新的政策出来之后,孩子没有父母一方,也可以上户口,已经不存在计划生育要省钱的原因。
她见过像她爸爸这样有钱有地位的男人,有很多都是这样生活,好像多一个女人,就能让他的地位高人一等一样,疯狂的养女人来显示自己的财富。
可是她的爸爸,却愿意孤身一人,这些年除了尹如薇,身边没有出现过另一个女人。
“乔乔……”知女莫若父,任鸿琛感觉到了女儿的不对劲,却又说不出来哪里不对。
“爸爸,从小到大,我都想不通一个男人对女人的爱意,应该是什么样,但是我想我知道,我不想当你唯一的亲人。”任乔安轻轻说,最后向他鞠躬道歉:“我为我曾经为了气你,为了拆散你和尹阿姨,转而和赵忘生在一起道歉。”
父女冷战这么多年,任鸿琛也隐隐感觉出来她的用心,所以才会气她这么多年,放手不管她,让她自己在外面吃一点苦,知道这世道女人生活艰难,才会乖乖回家,理解他的用心。
任乔安爱不爱赵忘生,她自己觉得是爱的。
只是并没有因为赵忘生的离开,就自我怀疑,忍受不了孤独,也没有言情小说里那种汹涌而至的仇恨和痛苦,她甚至可以祝赵忘生得偿所愿。
“您若是真的喜欢尹阿姨,你们可以在一起,这样赵忘生也可以成为你半个儿子。

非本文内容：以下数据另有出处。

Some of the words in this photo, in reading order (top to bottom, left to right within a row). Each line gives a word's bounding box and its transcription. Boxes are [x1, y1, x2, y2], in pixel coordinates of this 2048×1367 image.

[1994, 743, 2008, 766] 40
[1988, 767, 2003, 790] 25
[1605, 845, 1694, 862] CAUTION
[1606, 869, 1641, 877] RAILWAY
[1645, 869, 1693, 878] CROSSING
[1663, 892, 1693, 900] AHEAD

”她再一次毫不遮掩的拆穿他的想法,放在以前,任鸿琛肯定又要对她动手。
“但若是您不想就守着一个女人,我也不会反对。”毕竟尹阿姨老了,没有年轻女孩儿的朝气,这是对男人最为致命的吸引力。
她只是想要表达,他愿意和谁在一起,将来生几个孩子,她都没有意见。
以往她这么说,任爸一定会骂她忤逆,再一次用拐杖打她,但这一次,任鸿琛没有一点点激动,反而看着女儿淤青的脸,说不出一句话来。
她长得很像她妈妈,只是这些年的风吹雨打,让她的神情比她妈妈坚强许多,没有一丝丝当年的温柔似水的模样。

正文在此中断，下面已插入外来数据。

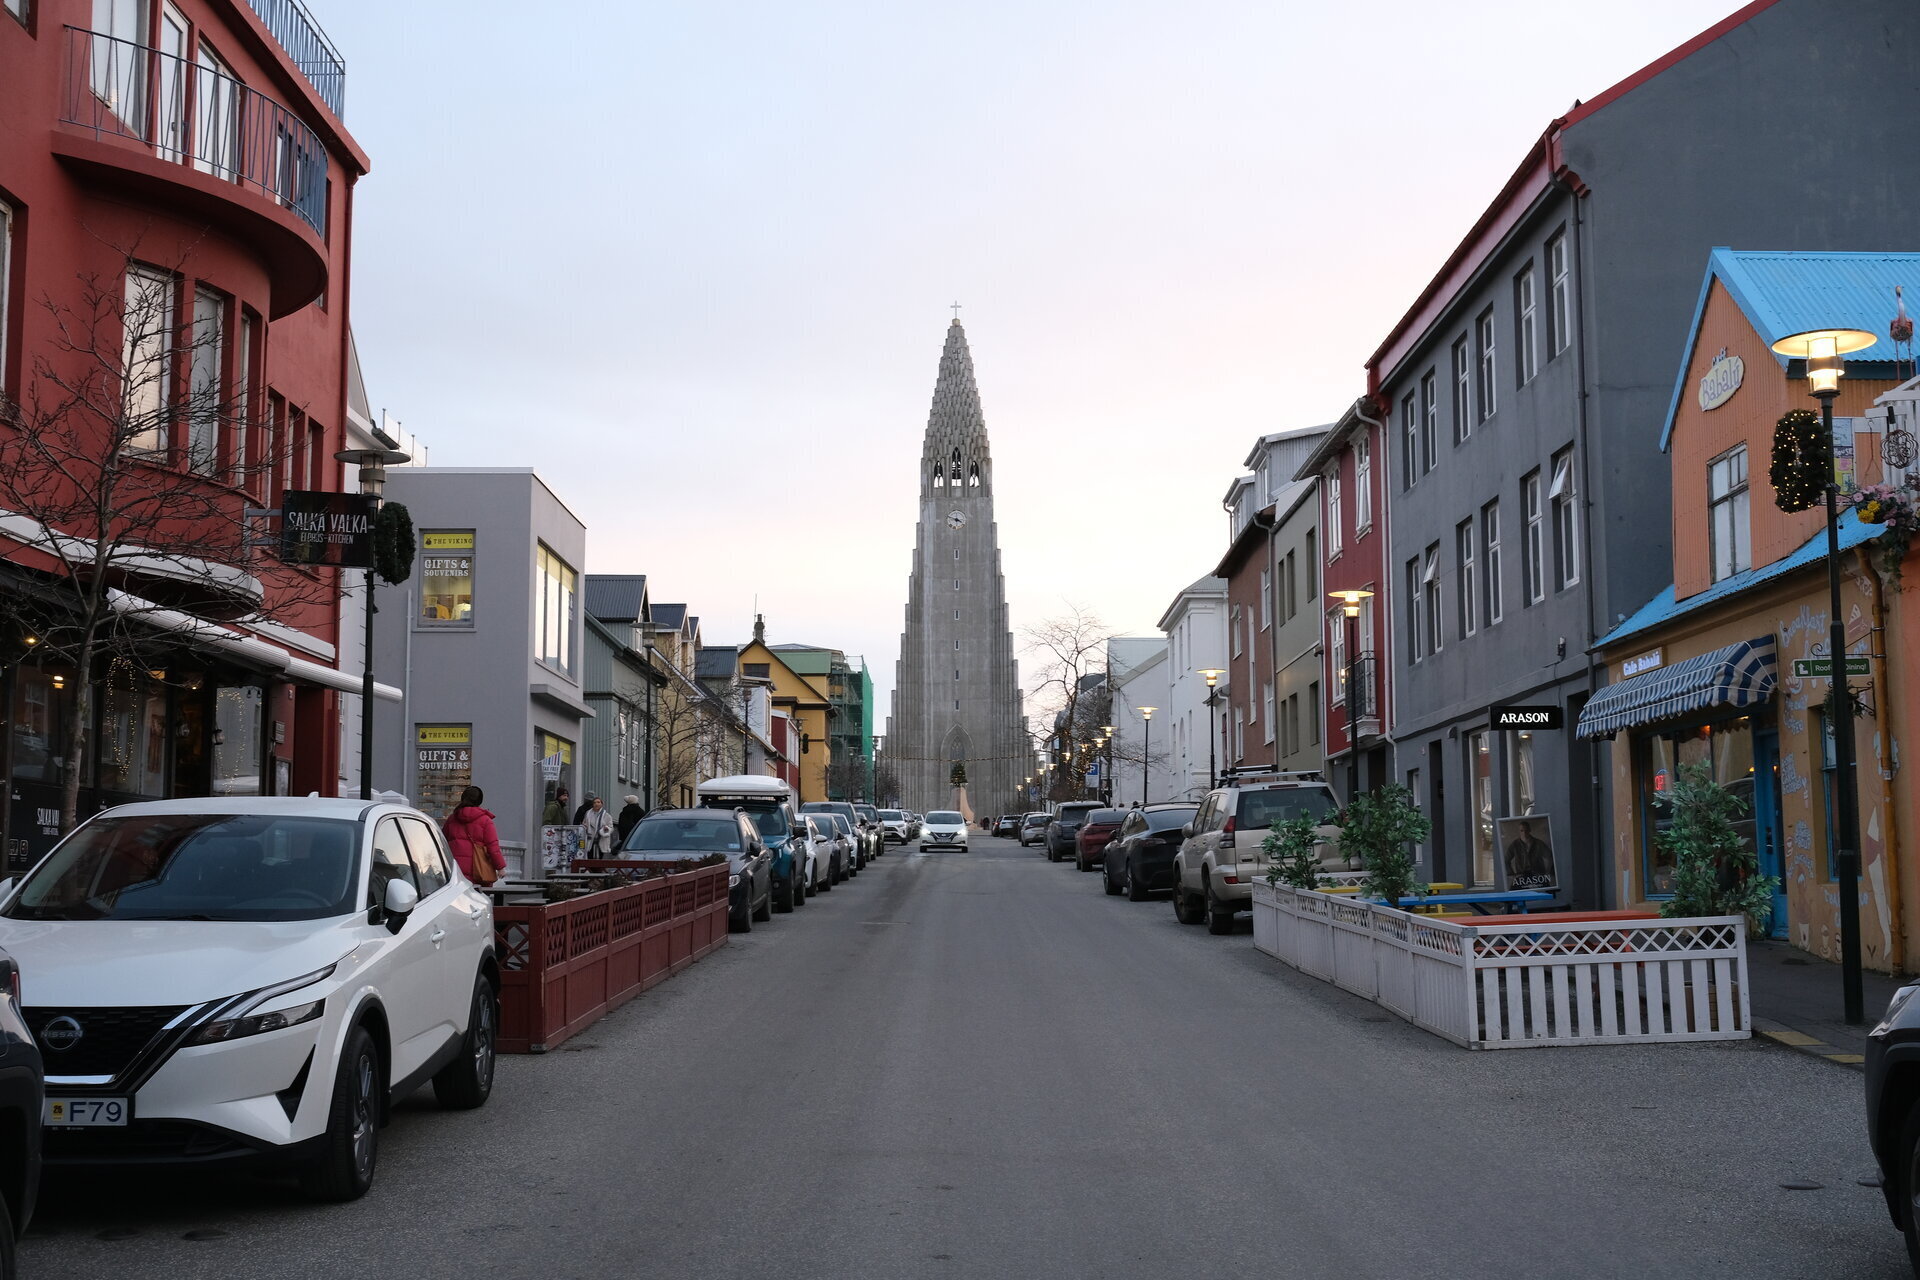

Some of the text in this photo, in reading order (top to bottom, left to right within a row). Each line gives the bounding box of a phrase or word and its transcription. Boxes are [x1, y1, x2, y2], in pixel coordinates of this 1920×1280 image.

[1702, 357, 1740, 409] Babalú
[288, 511, 368, 533] SALKA VALKA
[424, 559, 469, 569] GIFTS &
[424, 569, 469, 577] SOUVENIRS
[1814, 663, 1832, 672] Roof
[1499, 712, 1549, 724] ARASON
[419, 750, 469, 761] GIFTS &
[418, 761, 469, 770] SOUVENIRS
[1512, 874, 1552, 886] ARASON
[40, 1030, 84, 1038] NISSAN
[69, 1101, 122, 1122] F79

她妈妈若是水上漂荡的莲花,任乔安就是水下扎根淤泥的花根。
花朵随水浮沉,但根绝不动摇。
他承认,这些年他想女儿更像她妈妈一点,现在他有这个资本让女儿不愁吃穿,但是他好像弄巧反拙了。
任乔安打开她的书包,书包里放着她一直在用大号笔记本,把笔记本拿出来,打开笔记本,里面夹着她刚刚写好的一张纸。
“爸,我祝福你。”
任乔安笑了一下,比刚刚阳光明媚了许多,同时也露出了她不整齐的牙齿。
透过牙齿,任鸿琛看见了她的粉红色的舌尖,没有了牙齿的坚固保护,那柔软的部分被暴露在空气中,在她口中有点颤抖无措。
她轻轻按铃,病房的门被打开,外面走进来两个人。
一个是汪鹏,另一个也是中年男人,穿着一身黑色西装,手上提着黑色的公文袋,一副公事公办的精英模样。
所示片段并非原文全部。